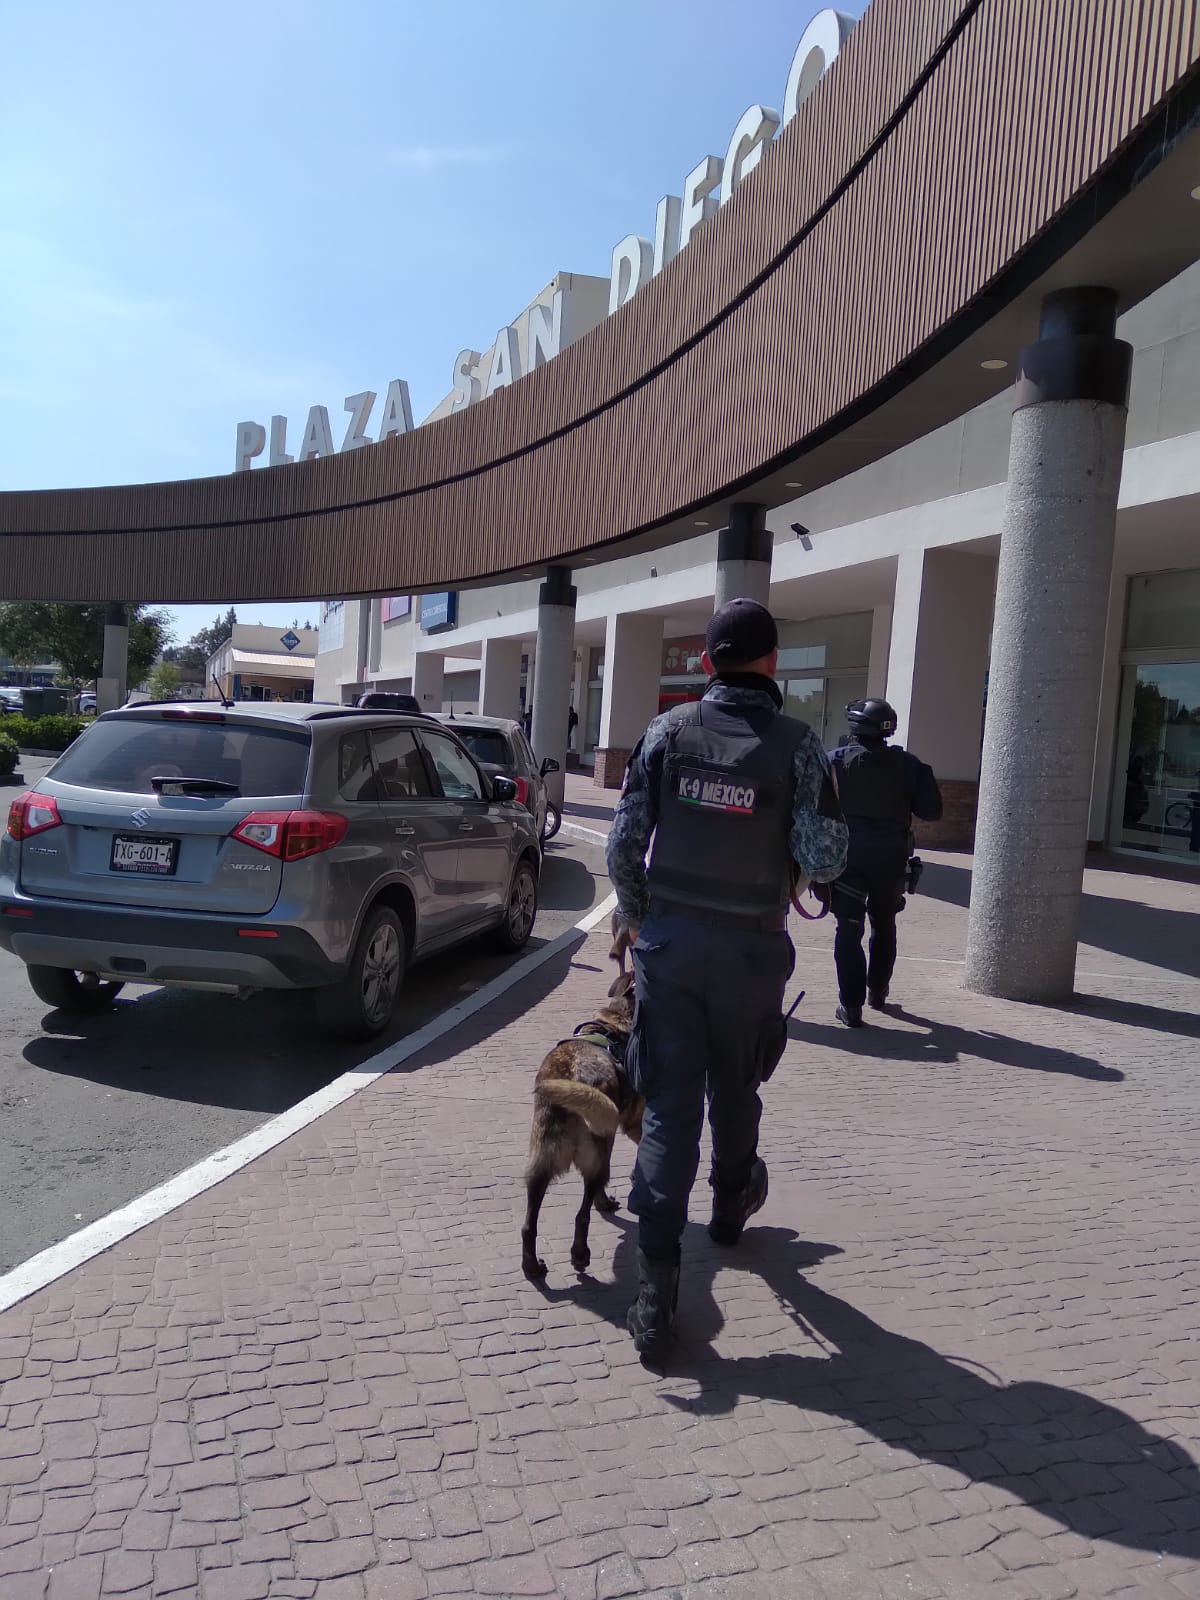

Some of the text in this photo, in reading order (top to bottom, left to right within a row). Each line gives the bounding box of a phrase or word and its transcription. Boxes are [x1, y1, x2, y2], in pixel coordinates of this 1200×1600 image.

[235, 379, 415, 472] PLAZA
[451, 288, 566, 413] SAN
[679, 777, 755, 808] K-9 MÉXICO
[114, 843, 172, 863] TXG-601-A

☆ ☆ ☆

_Instructions to follow_:
Produce the entries again, word for word, without any of their pictures.

_Task output_:
Some of the text in this photo, in reading order (top to bottom, left to right within a row). Each line gives the bounding box of a phrase or word and its transcription. Boxes are [x1, y1, x2, y2], in pixel coordinates of this 1200×1600 image.

[235, 379, 415, 472] PLAZA
[451, 288, 566, 413] SAN
[679, 777, 755, 808] K-9 MÉXICO
[114, 843, 172, 863] TXG-601-A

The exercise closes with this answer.